Microparticles promoted the synthesis of B cell-activating factor by activated rheumatoid arthritis fibroblast-like synoviocytes
To determine whether MPs are biologically active, we evaluated their ability to induce BAFF release by activated RA FLSs. In parallel, we also determined IL-6 and IL-8 production by MP-treated RA FLSs. FLSs were incubated for 20 and 72 hours with MPs isolated from RA synovial fluids, and IL-6, IL-8, and BAFF release was determined by ELISA. As shown in Figure 2a,b, incubation of FLSs with MPs at a concentration of 40 nM PhtdSer Eq increased IL-6 and IL-8 release by RA FLSs. IL-6 and IL-8 release reached 770 ± 110 and 1,150 ± 130 pg/mL, respectively, after 20-hour incubation as compared with control medium (145 ± 40 and 150 ± 46 pg/mL) and control supernatants (300 ± 30 and 50 ± 23 pg/mL) (Figure 2a,b). Equal concentrations of OA MPs had a comparable effect on IL-6 and IL-8 release.

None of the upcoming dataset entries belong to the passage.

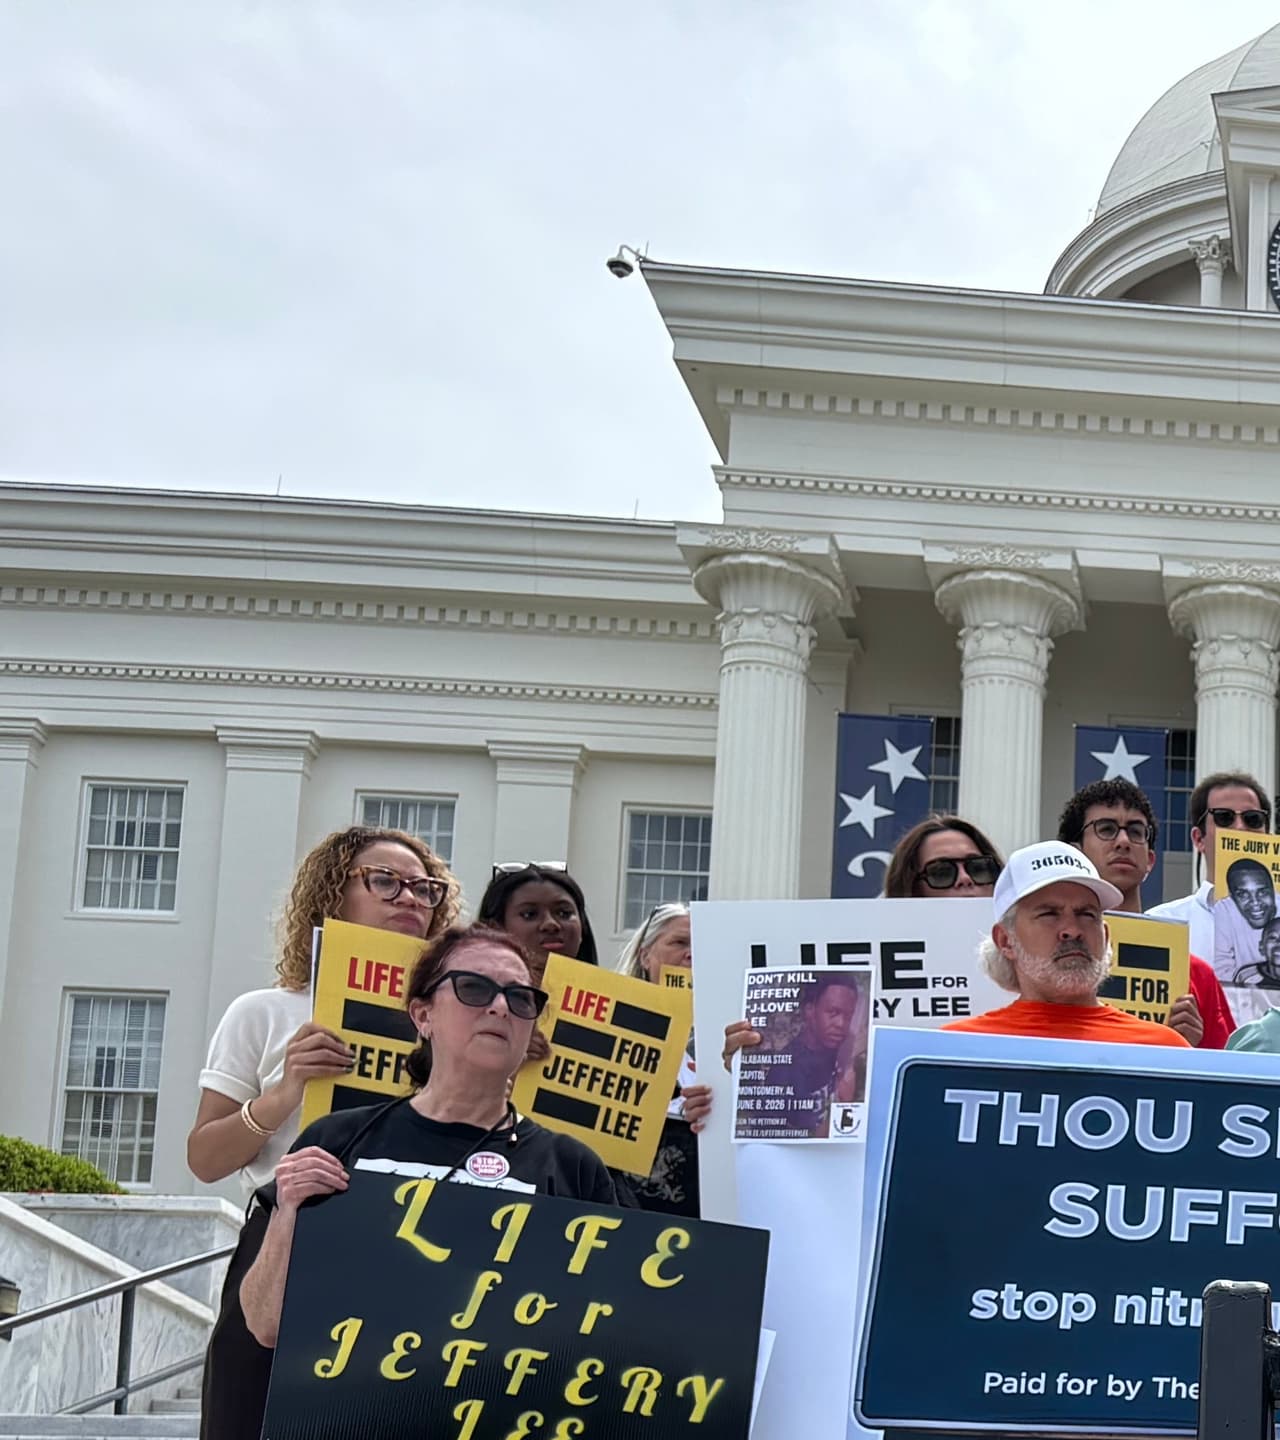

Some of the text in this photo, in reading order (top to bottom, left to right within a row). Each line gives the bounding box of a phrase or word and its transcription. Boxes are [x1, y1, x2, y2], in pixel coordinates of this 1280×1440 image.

[1221, 837, 1240, 851] THE
[1243, 840, 1270, 855] JURY
[347, 957, 406, 998] LIFE
[665, 974, 685, 988] THE
[748, 972, 816, 985] DON'T KILL
[932, 976, 968, 988] FOR
[1130, 978, 1169, 1004] FOR
[561, 986, 611, 1023] LIFE
[746, 988, 800, 1000] JEFFERY
[913, 997, 970, 1017] LEE
[615, 1039, 662, 1074] FOR
[773, 1054, 793, 1064] STATE
[542, 1056, 649, 1106] JEFFERY
[740, 1070, 766, 1080] CAPITOL
[765, 1100, 785, 1110] 2026
[793, 1100, 814, 1110] 11AM
[943, 1087, 1194, 1154] THOU
[600, 1110, 642, 1142] LEE
[393, 1178, 691, 1288] LIFE
[450, 1271, 613, 1335] for
[970, 1283, 1097, 1331] stop
[313, 1317, 724, 1423] JEFFERY
[983, 1371, 1200, 1402] Paid for by The

We next determined whether MPs isolated from OA and RA synovial fluids might also play a role in BAFF release by FLSs. RA FLSs were incubated for 72 hours with MPs used at concentrations mentioned above, and BAFF release was evaluated in culture supernatants by ELISA. As shown in Figure 2c, BAFF secretion was increased in response to either OA or RA MPs after 72 hours and reached 320 ± 76 pg/mL in response to RA MPs and 250 ± 34 pg/mL in response to OA MPs as compared with control medium (30 ± 9 pg/mL) and control supernatants (70 ± 12 and 50 ± 21 pg/mL, respectively). IFN-γ (180 ± 23 pg/mL) was used as a positive control. Taken together, these results indicate that MPs isolated from either OA and RA synovial fluids were able to activate IL-6, IL-8, and BAFF release by activated FLSs.

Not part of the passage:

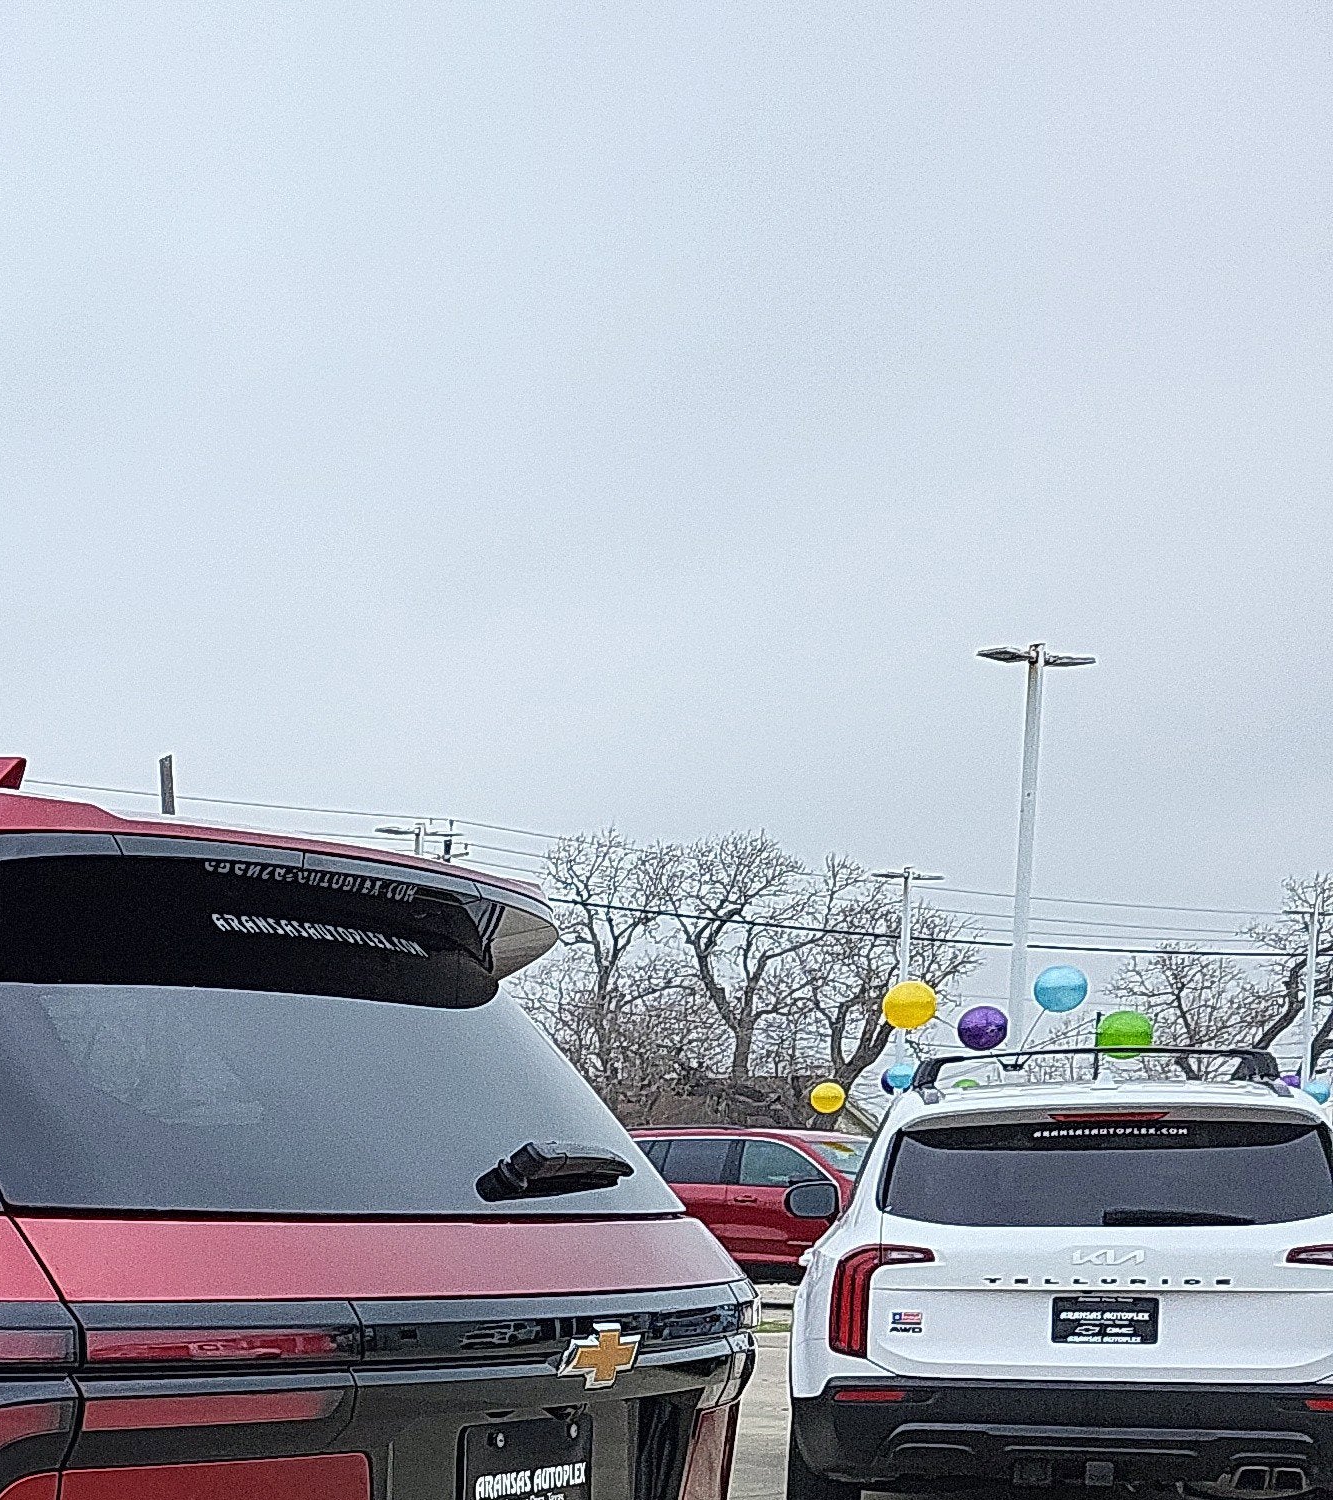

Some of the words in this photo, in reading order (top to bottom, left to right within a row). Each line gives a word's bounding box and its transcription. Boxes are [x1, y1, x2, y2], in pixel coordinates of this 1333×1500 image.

It was previously demonstrated that most MPs present in the synovial fluid of inflamed joints were leukocyte-derived MPs . In the present study, we investigated the ability of MPs isolated from activated CEM lymphocyte and THP-1 cells to induce BAFF synthesis by activated RA FLSs.

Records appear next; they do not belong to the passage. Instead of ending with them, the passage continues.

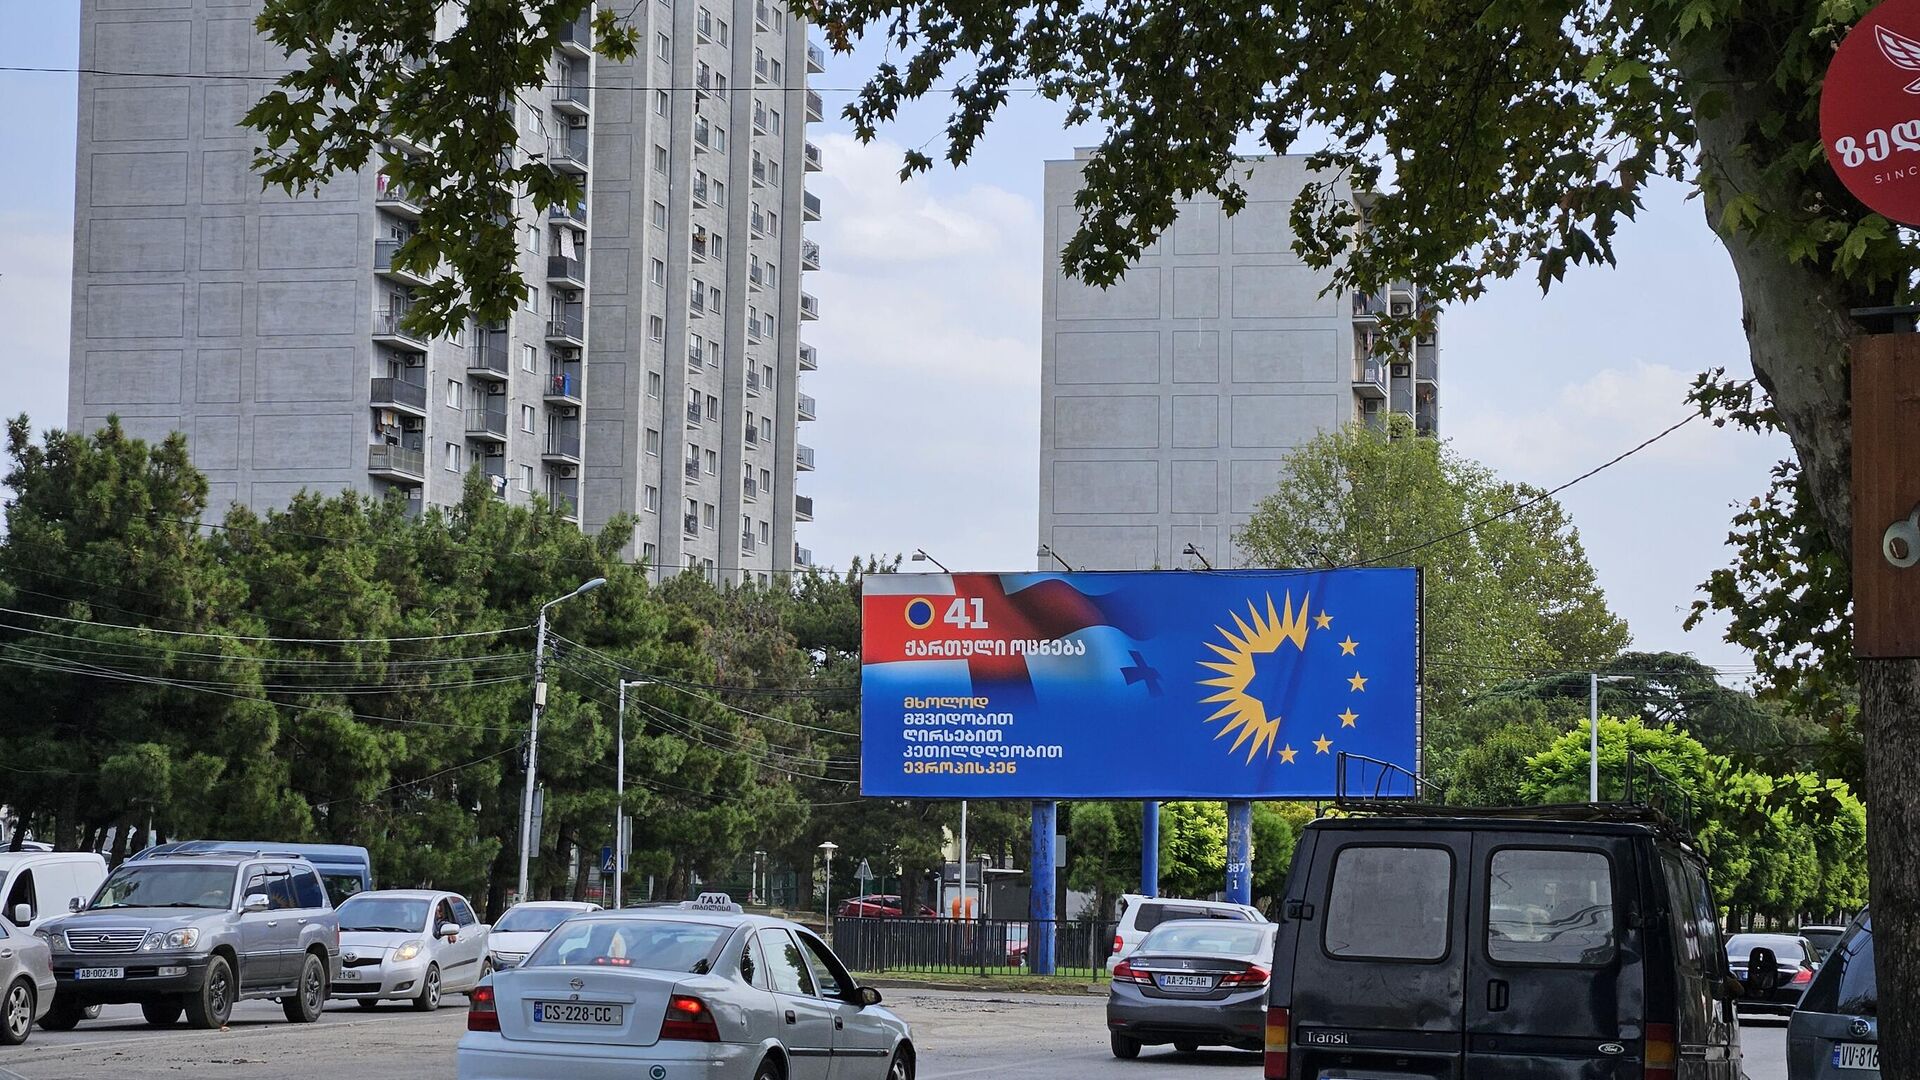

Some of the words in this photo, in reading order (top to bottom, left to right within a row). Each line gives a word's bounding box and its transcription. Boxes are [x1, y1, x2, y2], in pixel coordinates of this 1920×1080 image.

[943, 597, 989, 630] 41
[904, 639, 1006, 656] ქართული
[1010, 639, 1086, 656] ოცნება
[903, 696, 989, 709] მხოლოდ
[903, 713, 1014, 726] მშვიდობით
[903, 729, 1003, 742] ღირსებით
[903, 745, 1063, 758] კეთილდღეობით
[903, 761, 1017, 774] ევროპისკენ
[1227, 863, 1246, 873] 387
[701, 895, 726, 905] TAXI
[1165, 974, 1207, 986] AA-215-AH
[544, 1004, 612, 1022] CS-228-CC

IL-6 and IL-8 release was enhanced by MPs from ActD/PMA/PHA-treated CEM lymphocytes (1,050 ± 100 and 1,200 ± 210 pg/mL for IL-6 and IL-8, respectively) when MPs were used at the concentration of 40 nM PhtdSer Eq (Figure 3a,b). Such MPs did not increase BAFF production at the same concentration. No induction of BAFF release was observed with a 10-fold increase in MP concentration (P < 0.01). IFN-γ (170 ± 25 pg/mL) was used as a positive control of BAFF secretion (Figure 3c). Similar concentrations of MPs derived from ActD-treated CEM lymphocytes exhibited no significant effect on IL-6, IL-8, or BAFF release by activated RA FLSs (Figure 3c).
As monocytes/macrophages are considered major instigators of joint inflammation, we also analyzed whether MPs isolated from LPS-activated THP-1 cells first stimulate IL-6 and IL-8 release by RA FLSs. As shown in Figure 4a,b, such MPs induced IL-6 and IL-8 release to a similar extent (3,000 ± 350 pg/mL) in RA FLS supernatants. An induction of BAFF release was observed after incubation with MPs (40 nM PhtdSer Eq) derived from LPS-activated THP-1 cells (Figure 4c). BAFF release could not be observed in negative controls.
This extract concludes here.